One wall of my living room is covered with bookshelves. They hold the books I’ve saved for Lili’s children; my collection of fiction and nonfiction; the architecture books acquired by Gregory over thirty years. These books are windows into our lives and tell who we were, how we lived, what we cherished most. They are our history, both shared and individual.
My literary idols are also a window into my life. Didion represents my time as an English teacher, when I met my husband. Kalman is linked to my becoming a mother in my forties and a widow in my fifties.
Until early 2011, I’d never met either of my idols. But that all changed in a matter of months, and the experience rocked me in ways I didn’t expect. In one case, I was severely disappointed, at least for a few moments.

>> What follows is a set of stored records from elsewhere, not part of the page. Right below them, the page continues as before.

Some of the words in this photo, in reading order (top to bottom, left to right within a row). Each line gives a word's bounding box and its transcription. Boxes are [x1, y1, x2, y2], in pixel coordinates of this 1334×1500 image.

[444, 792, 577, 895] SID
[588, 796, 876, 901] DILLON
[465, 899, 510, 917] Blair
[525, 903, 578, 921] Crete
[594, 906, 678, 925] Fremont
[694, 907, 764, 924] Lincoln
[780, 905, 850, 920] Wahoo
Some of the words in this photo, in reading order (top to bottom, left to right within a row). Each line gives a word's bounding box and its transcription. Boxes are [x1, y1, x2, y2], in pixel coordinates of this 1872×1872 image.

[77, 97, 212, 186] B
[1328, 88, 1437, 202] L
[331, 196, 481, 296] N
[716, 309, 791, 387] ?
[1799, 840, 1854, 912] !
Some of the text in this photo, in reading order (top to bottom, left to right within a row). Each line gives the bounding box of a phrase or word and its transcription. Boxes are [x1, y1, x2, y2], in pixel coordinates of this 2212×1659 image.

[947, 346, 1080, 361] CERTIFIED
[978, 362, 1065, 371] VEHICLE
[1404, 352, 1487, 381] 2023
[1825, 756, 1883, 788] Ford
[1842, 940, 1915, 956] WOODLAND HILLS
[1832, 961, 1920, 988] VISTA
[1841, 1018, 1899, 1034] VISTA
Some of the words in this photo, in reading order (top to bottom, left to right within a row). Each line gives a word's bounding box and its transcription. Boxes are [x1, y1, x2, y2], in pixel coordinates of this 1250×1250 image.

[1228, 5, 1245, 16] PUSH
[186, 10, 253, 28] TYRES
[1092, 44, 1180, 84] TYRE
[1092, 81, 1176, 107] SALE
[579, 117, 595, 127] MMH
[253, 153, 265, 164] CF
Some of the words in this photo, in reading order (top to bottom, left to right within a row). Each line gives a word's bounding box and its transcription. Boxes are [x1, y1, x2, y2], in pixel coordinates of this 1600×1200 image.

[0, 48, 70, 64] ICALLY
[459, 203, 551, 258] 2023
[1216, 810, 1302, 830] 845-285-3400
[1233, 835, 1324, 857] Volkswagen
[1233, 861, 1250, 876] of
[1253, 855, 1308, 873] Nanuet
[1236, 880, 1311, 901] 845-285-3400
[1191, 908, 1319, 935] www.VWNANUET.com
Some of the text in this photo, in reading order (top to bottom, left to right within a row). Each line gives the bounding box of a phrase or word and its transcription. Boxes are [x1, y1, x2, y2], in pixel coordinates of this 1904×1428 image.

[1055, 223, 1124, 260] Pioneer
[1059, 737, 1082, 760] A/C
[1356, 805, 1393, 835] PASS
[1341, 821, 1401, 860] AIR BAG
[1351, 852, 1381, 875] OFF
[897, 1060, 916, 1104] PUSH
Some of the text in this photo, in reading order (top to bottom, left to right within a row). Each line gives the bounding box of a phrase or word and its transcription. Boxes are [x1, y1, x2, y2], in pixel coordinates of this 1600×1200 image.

More than anything, though, I realized that the personal connections we make with writers have less to do with them than with our own fantasies: of friendship, of finding a soul mate, of belonging to an exclusive club.
Dog on Tube
I still have an entire collection of Maira Kalman’s Max books—the same ones my husband read to our daughter when she was a child. And Kalman’s recent work, such as The Principles of Uncertainty and The Pursuit of Happiness, is so important to me that I bought multiple copies to give as gifts.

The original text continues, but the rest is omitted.